Pubblicato il: 02/05/2019 17:47
Sembra tornato il disgelo tra governo e sindacati e tra Confindustria e sindacati. E se il primo “puzza un po’ di bruciato” perché questo esecutivo, pur dicendosi da sempre “espressione diretta della volontà del popolo”, guarda caso ha incontrato i sindacati alla vigilia delle prossime elezioni europee, anche l’incontro fra Confindustria e sindacati, nonostante l’appello comune lanciato per la partecipazione al voto europeo, rischia di “ripetere esauste liturgie”. Lo scrive l’esperto di relazioni industriali Giuseppe Bianchi, sulla Nota Isril n.13 del 2019. “È passato solo un anno – ricorda – dal celebrato Patto della Fabbrica e nessun contraente lo rievoca per gli scarsi risultati. Perché è infruttuoso insistere sull’ammodernamento delle regole contrattuali se non si precisano gli obiettivi da realizzare insieme.

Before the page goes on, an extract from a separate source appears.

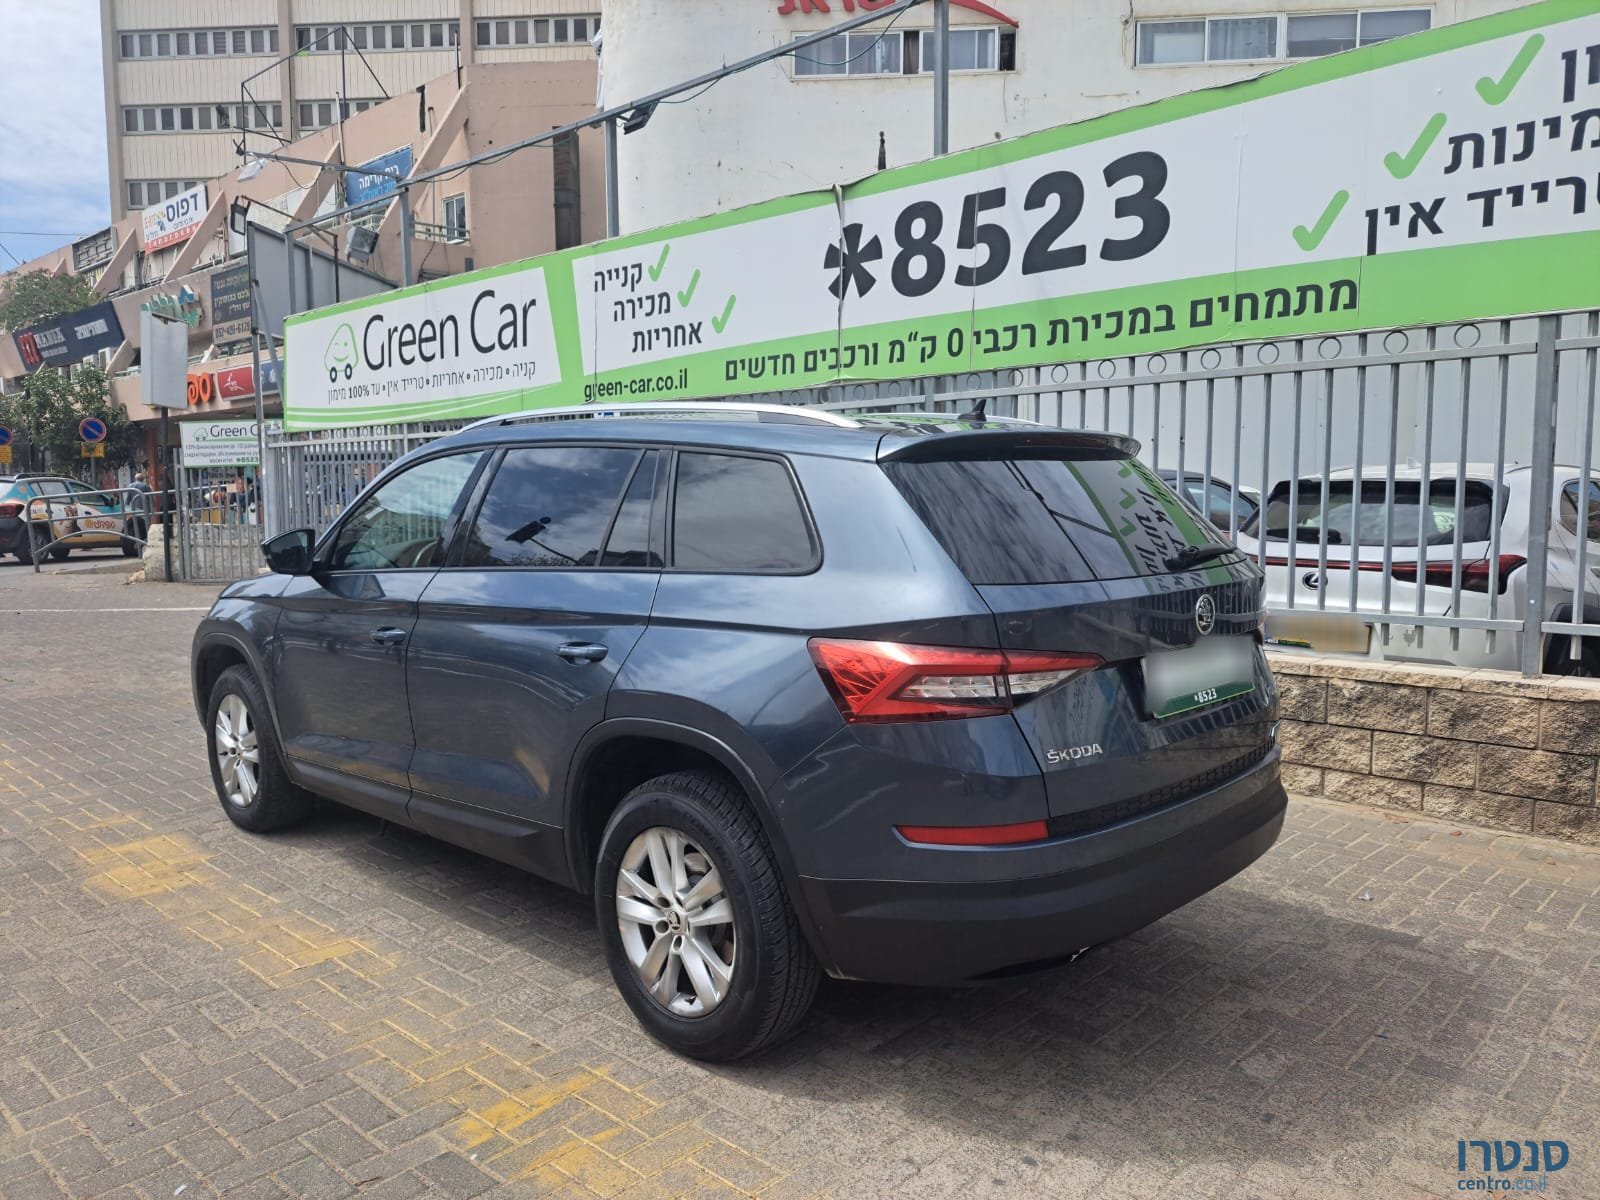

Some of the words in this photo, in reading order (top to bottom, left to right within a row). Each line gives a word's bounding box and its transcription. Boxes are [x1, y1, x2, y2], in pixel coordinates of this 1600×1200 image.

Difficile, però, pensare che nell’attuale contesto pre-elettorale si possa giungere a risultati tangibili”.
“Il salario minimo per legge, per quel 20% di lavoratori che non hanno copertura contrattuale”, è forse il provvedimento che per ora ha più probabilità di essere quanto meno definito, ma per quanto riguarda “riduzione del cuneo fiscale del lavoro e rilancio degli investimenti pubblici, gli spazi per soluzioni positive sono molto ridotti, alla luce dei vincoli interni ed europei a cui è sottoposta la nostra finanza pubblica”, dice Bianchi.
C’è solo un precedente che merita di essere ricordato, dice lo studioso: l’accordo, negli anni ’90, di fronte a un’inflazione galoppante per agganciare la dinamica dei salari e dei prezzi ai tassi di un’inflazione programmata. “Il risultato fu raggiunto anche se soprattutto a carico dei lavoratori con l’avvio di una lunga fase di moderazione salariale. Importante in tale esperienza è stato il supporto scientifico di Tarantelli e della sua scuola, che spiegò alle parti sociali le convenienze reciproche per intraprendere un tale percorso”, dice Bianchi.
“Anche oggi ci sarebbe un obiettivo condivisibile dalle parti sociali: rilanciare la produttività per riagganciarla agli standard europei”, propone Bianchi che spiega: “La produttività del lavoro dal 1995 al 2018 è cresciuta a un tasso medio annuo dello 0,38%, contro una media annua di Germania, Francia e Gran Bretagna compresa fra l’1,3% e l’1,4%. Ciò ha determinato la mancata ricchezza che ha portato al restringimento della base produttiva e del benessere della collettività nella sua componente più debole”.
Un’ipotesi potrebbe essere, insomma, quella di sostituire lo sperimentato rapporto inflazione-salari con quello produttività-salari quale vettore intorno al quale ricostruire condivise convenienze tra lavoro e capitale. Ma manca, dice Bianchi, “nel nostro Paese quella cultura della cooperazione sviluppata dalla teoria dei giochi che indica, anche nelle situazioni più conflittuali, un punto di compromesso in grado di soddisfare le reciproche aspettative”.
“Difficilmente i nostri processi contrattuali arrivano a tal punto di compromesso. Le intese raggiunte sono minimali: mediazioni sul presente, indifferenti all’obiettivo di un comune coinvolgimento per migliori risultati futuri. È ancora forte la resistenza culturale a considerare le relazioni contrattuali come strumento di crescita produttivistica quale comune obiettivo. Una causa non secondaria della nostra scarsa crescita perché, come scriveva il premio Nobel Douglass North, sono le regole del gioco condivise che esprimono le opportunità di una collettività, opportunità che le organizzazioni degli interessi devono realizzare mettendo in campo le migliori strategie”, conclude Bianchi.